About this exercise ▸
Print the entries verbatim, leaving out the images they contain.

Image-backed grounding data

----------------

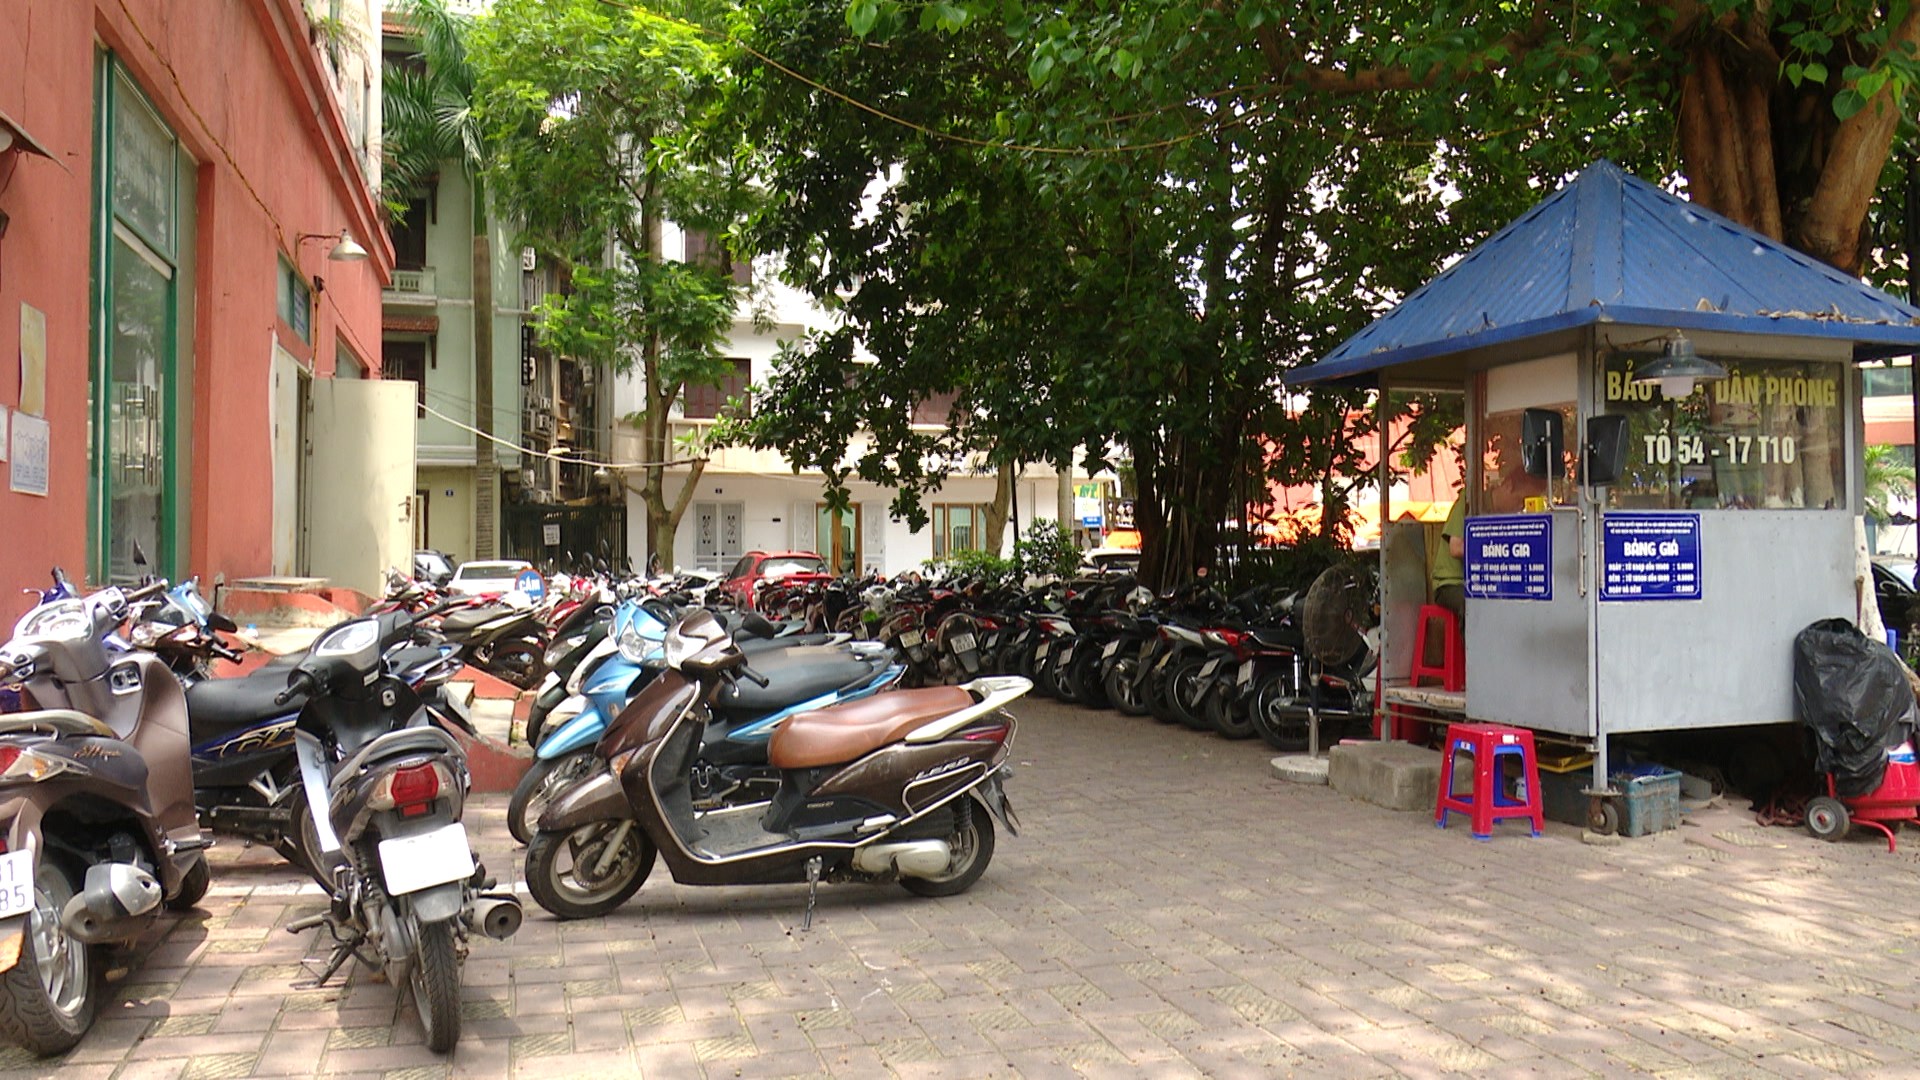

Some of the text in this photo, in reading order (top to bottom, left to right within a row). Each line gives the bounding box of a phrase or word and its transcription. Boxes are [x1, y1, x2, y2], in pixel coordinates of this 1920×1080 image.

[1643, 419, 1672, 464] TỔ
[1678, 435, 1705, 464] 54
[1726, 436, 1752, 464] 17
[1757, 436, 1795, 464] T10
[0, 859, 14, 882] 1

----------------

Exercise output ▸
Some of the text in this photo, in reading order (top to bottom, left to right within a row). Each line gives the bounding box of a phrase or word and its transcription. Boxes are [x1, y1, x2, y2], in pixel coordinates of this 1920×1080 image.

[1643, 419, 1672, 464] TỔ
[1678, 435, 1705, 464] 54
[1726, 436, 1752, 464] 17
[1757, 436, 1795, 464] T10
[0, 859, 14, 882] 1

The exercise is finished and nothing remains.